Exercise aim: Exclude every picture and return the remaining entries below verbatim.

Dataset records
╔══
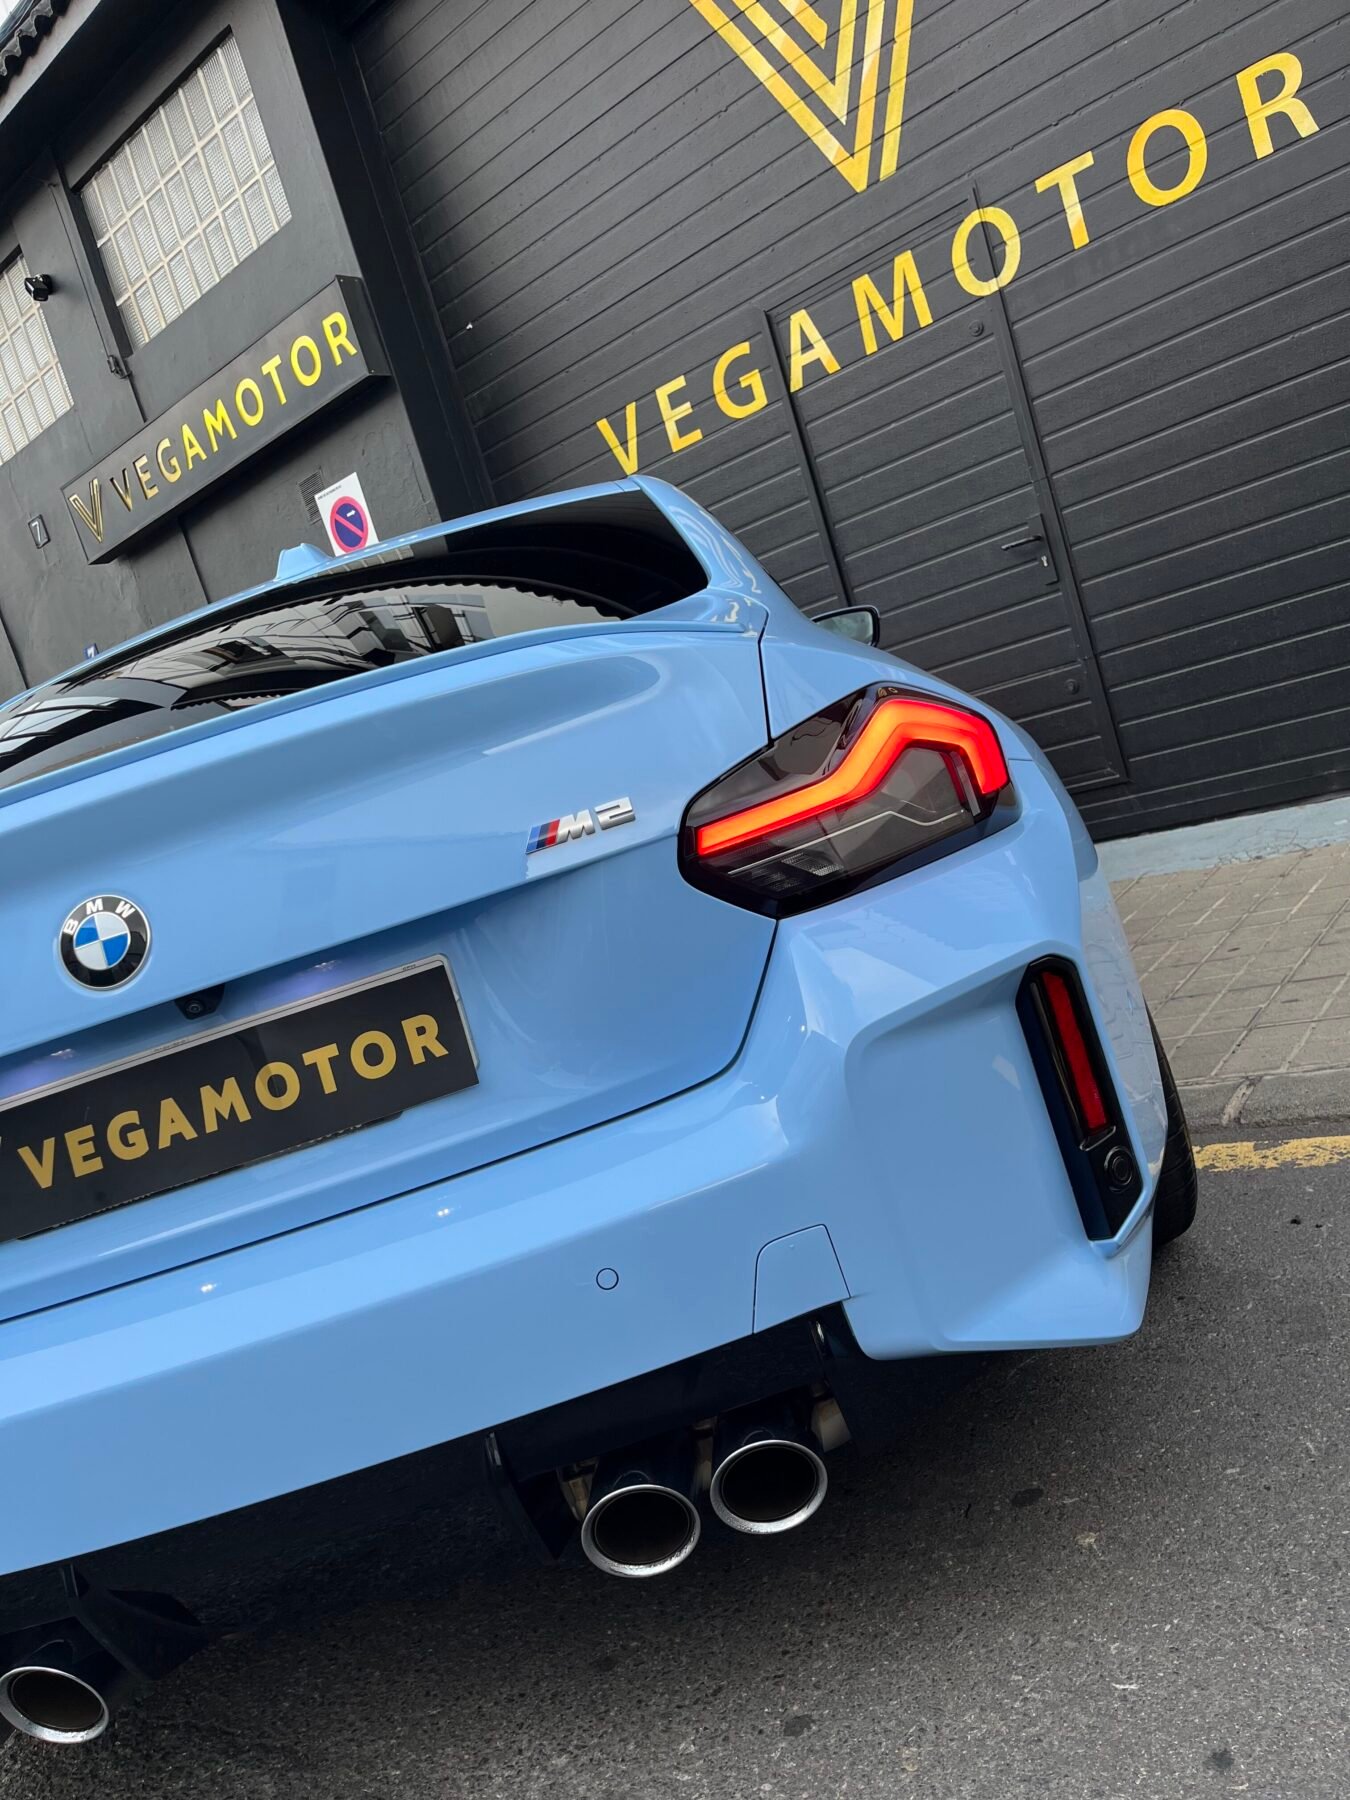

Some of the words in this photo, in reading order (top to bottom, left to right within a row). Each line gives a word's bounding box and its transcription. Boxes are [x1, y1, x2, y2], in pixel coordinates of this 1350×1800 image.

[595, 52, 1320, 475] VEGAMOTOR
[110, 311, 358, 512] VEGAMOTOR
[556, 796, 636, 843] M2
[63, 898, 136, 935] BMW
[17, 1013, 449, 1189] VEGAMOTOR
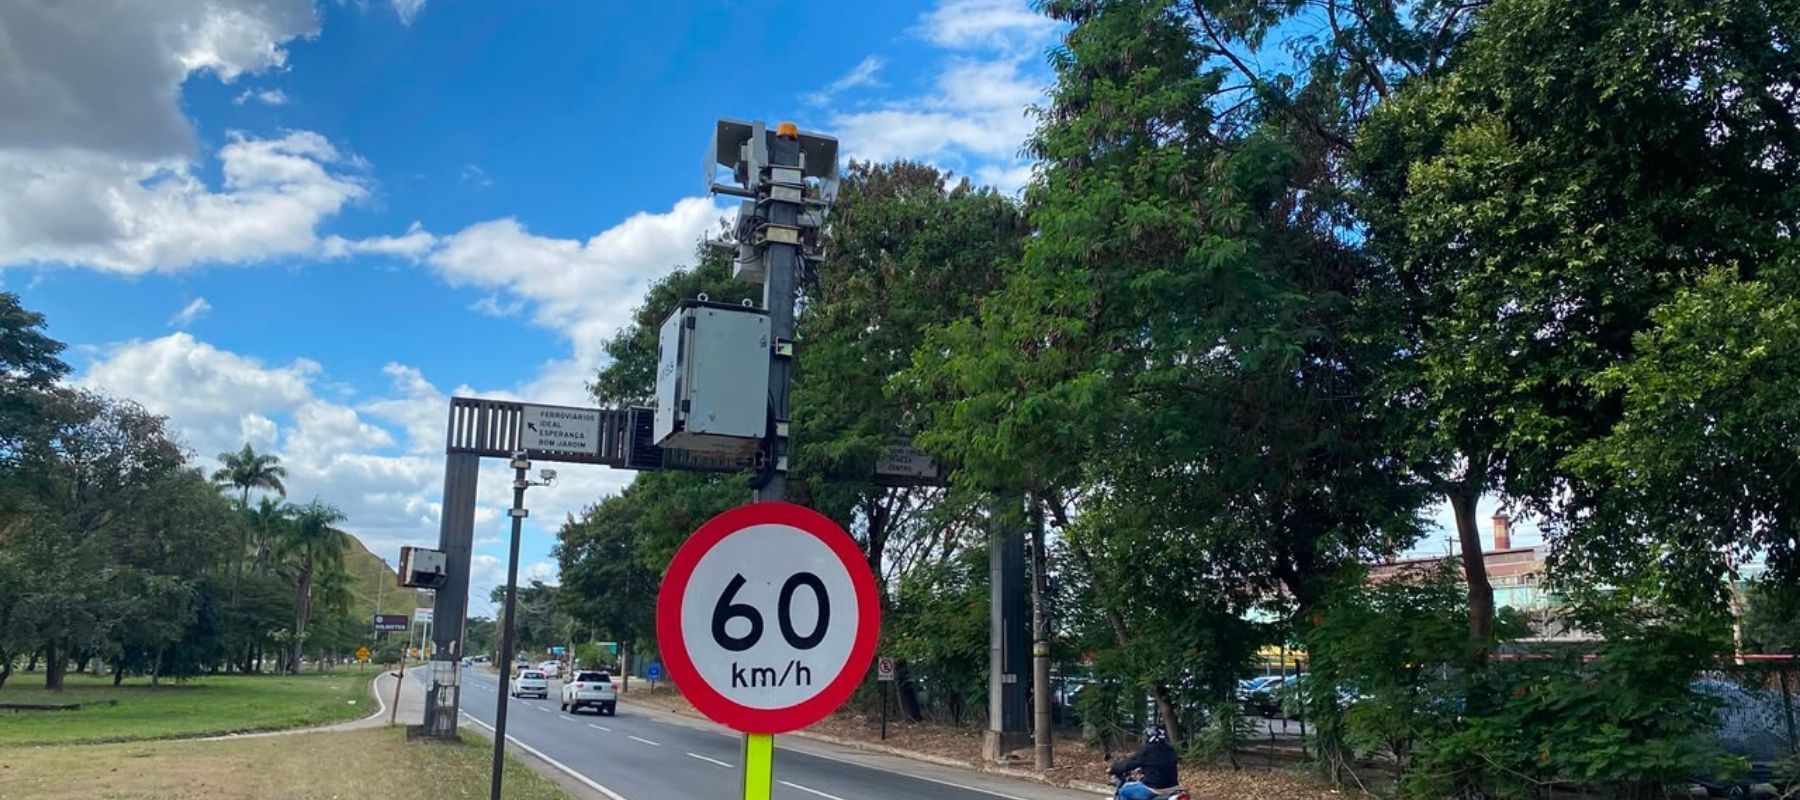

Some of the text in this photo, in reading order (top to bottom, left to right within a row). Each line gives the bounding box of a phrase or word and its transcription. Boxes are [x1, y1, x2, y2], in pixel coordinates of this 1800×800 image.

[539, 420, 561, 428] IDEAL
[557, 440, 586, 448] JARDIM
[711, 571, 831, 652] 60
[731, 660, 812, 688] km/h
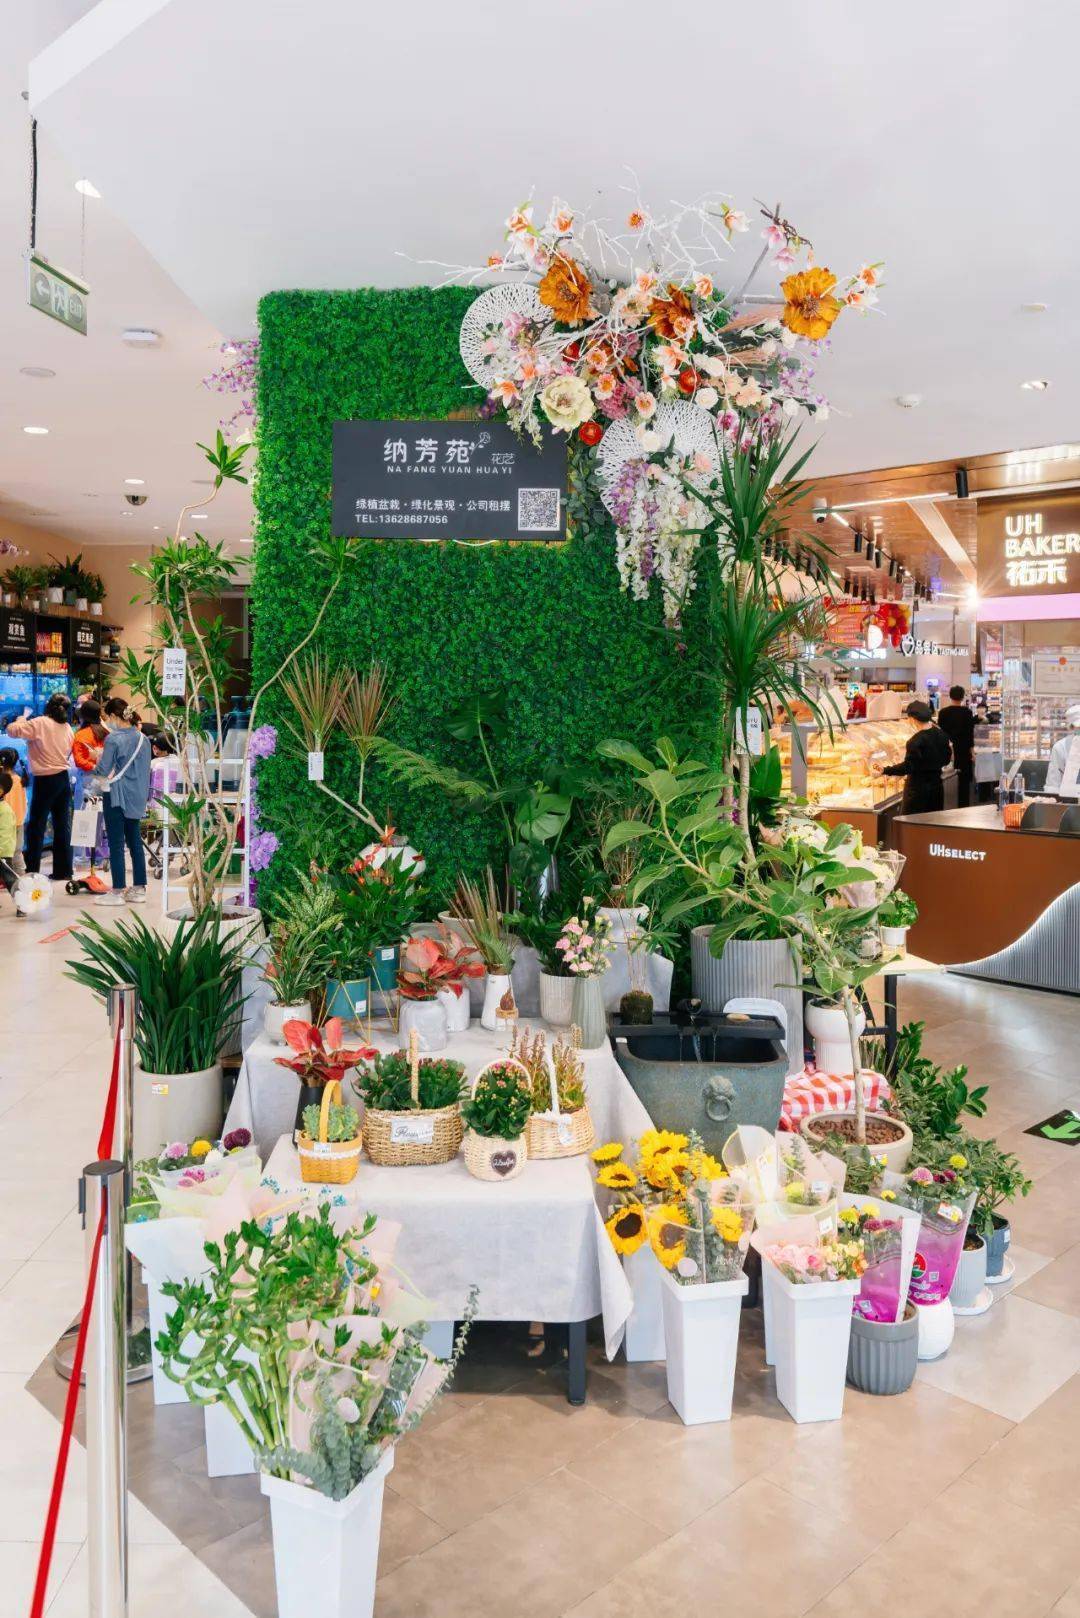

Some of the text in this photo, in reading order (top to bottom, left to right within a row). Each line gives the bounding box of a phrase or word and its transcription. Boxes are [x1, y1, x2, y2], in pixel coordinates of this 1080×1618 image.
╚══
Answer box:
Some of the words in this photo, in reading order (top to bottom, left to right within a row). Each line gives a word's bounding box and its transcription. Boxes are [x1, y1, x2, y2], in pixel coordinates of this 1350×1800 image.

[595, 52, 1320, 475] VEGAMOTOR
[110, 311, 358, 512] VEGAMOTOR
[556, 796, 636, 843] M2
[63, 898, 136, 935] BMW
[17, 1013, 449, 1189] VEGAMOTOR

Some of the text in this photo, in reading order (top to bottom, left to right within a row). Each line gives the bounding box of a phrase or word and its transcription. Boxes are [x1, y1, x2, y2], in pixel coordinates of this 1800×800 image.

[539, 420, 561, 428] IDEAL
[557, 440, 586, 448] JARDIM
[711, 571, 831, 652] 60
[731, 660, 812, 688] km/h

Some of the text in this photo, in reading order (top to bottom, left to right within a row). Each line gives the bounding box of a phrase or word and its transcription. Boxes are [x1, y1, x2, y2], in pixel coordinates of this 1080×1618 image.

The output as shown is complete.